[Numpy-discussion] OverflowError using _nanop with unsigned integers
Tony S Yu
tsyu80 at gmail.com
Thu Nov 19 15:30:44 EST 2009
Hi,
Functions that call _nanop (i.e. nan[arg]min, nan[arg]max) currently fail with unsigned integers. For example:
>>> np.nanmin(np.array([0, 1], dtype=np.uint8))

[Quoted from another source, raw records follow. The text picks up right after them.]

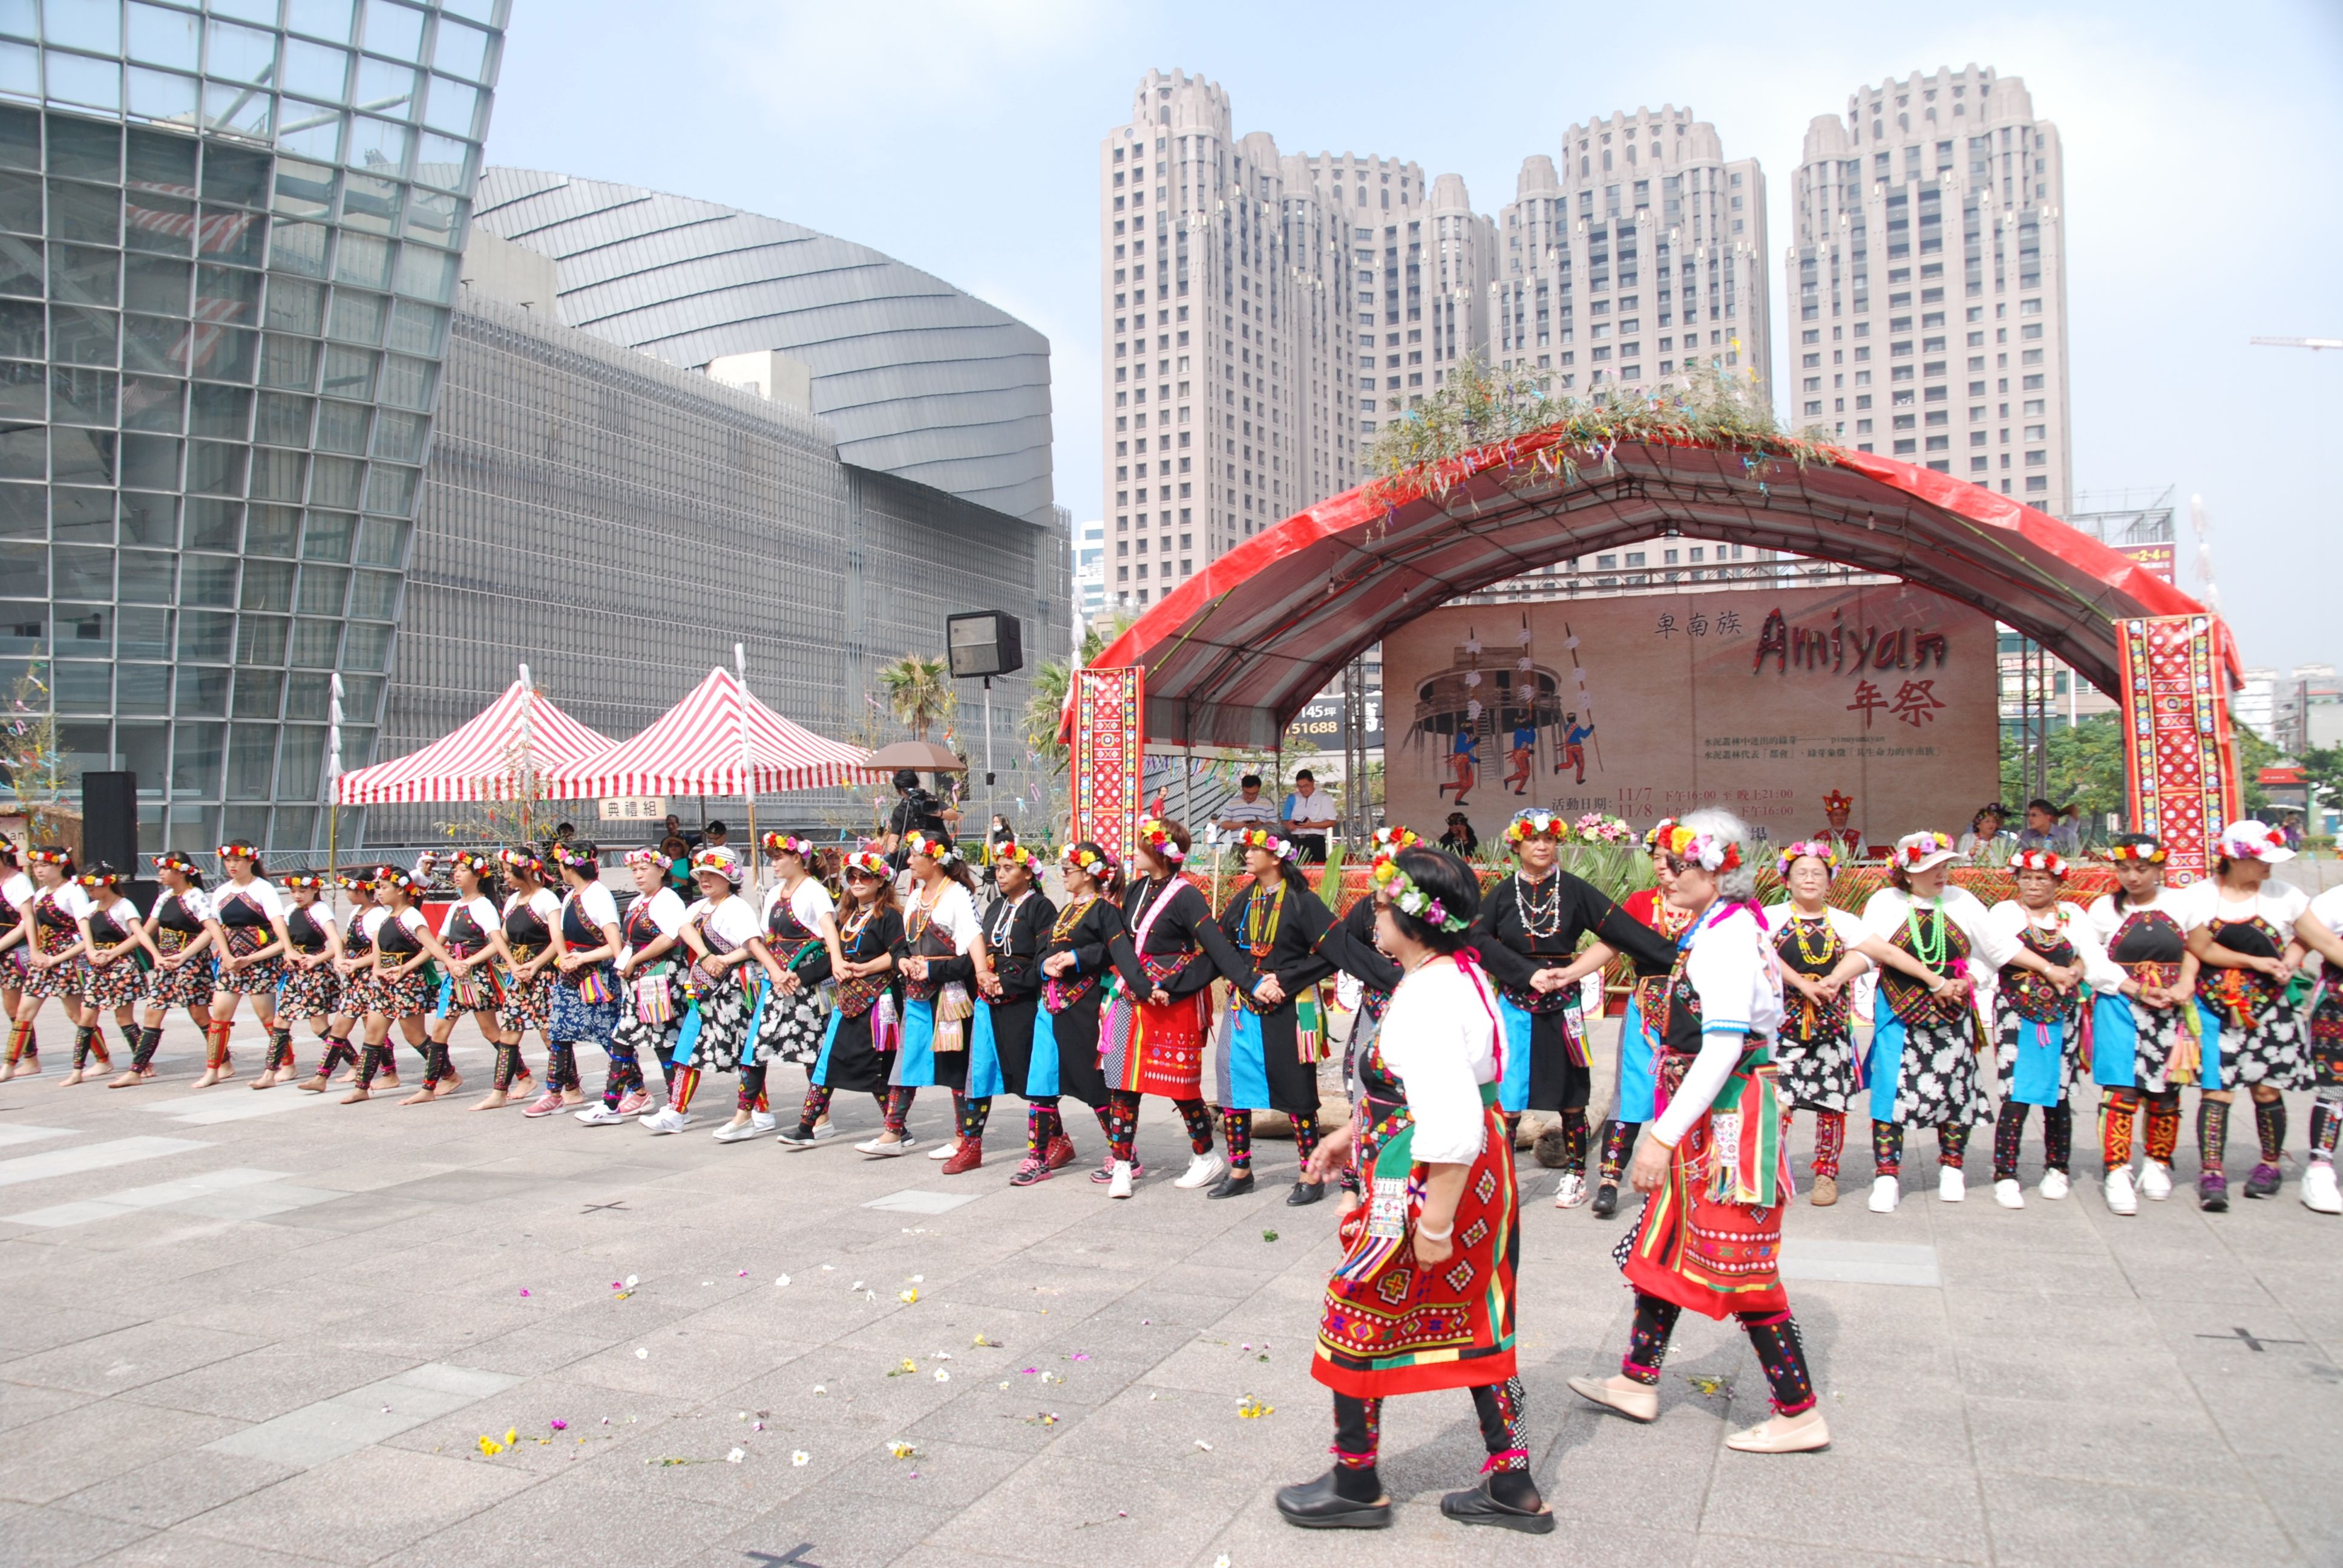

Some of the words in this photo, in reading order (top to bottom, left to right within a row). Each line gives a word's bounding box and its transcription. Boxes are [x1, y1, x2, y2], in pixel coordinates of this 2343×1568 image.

[1654, 610, 1743, 639] 卑南族
[1753, 607, 1947, 676] Amiyan
[1846, 679, 1947, 730] 年祭
[1618, 788, 1653, 802] 11/7
[608, 801, 657, 817] 典禮組
[1618, 803, 1653, 817] 11/8
[1742, 806, 1794, 817] 下午16:00
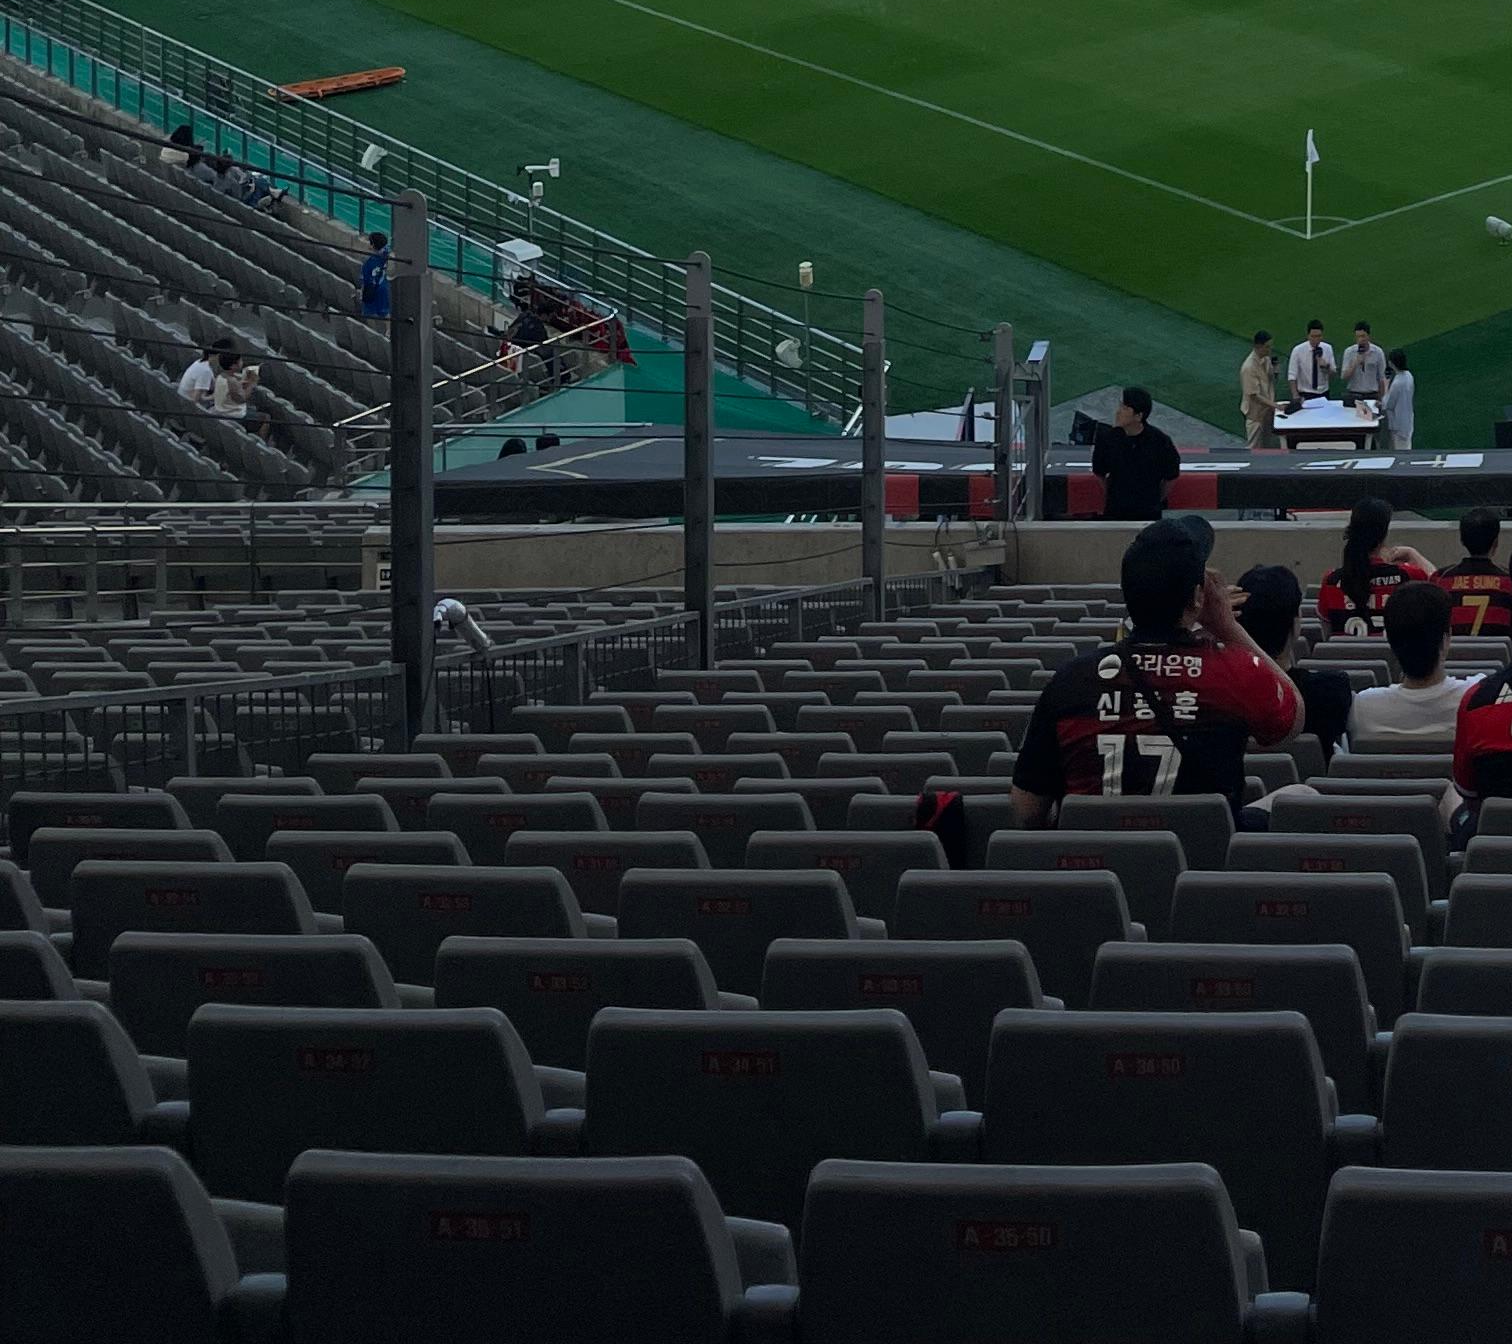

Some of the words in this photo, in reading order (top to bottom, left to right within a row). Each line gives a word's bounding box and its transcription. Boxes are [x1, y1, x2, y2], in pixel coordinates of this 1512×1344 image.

[1452, 575, 1470, 589] JAE
[1473, 575, 1501, 590] SUNG
[1462, 595, 1491, 636] 7
[1096, 733, 1183, 796] 17

OverflowError: cannot convert float infinity to integer
It seems that unsigned integers don't get identified as integers in the _nanop function. Checking against `np.integer` instead of the built-in `int` will catch signed and unsigned integers, as shown below.
Cheers,
-Tony
Note: the diff below also contains a change I made to fix ticket #1177
Index: numpy/lib/function_base.py
===================================================================
--- numpy/lib/function_base.py (revision 7749)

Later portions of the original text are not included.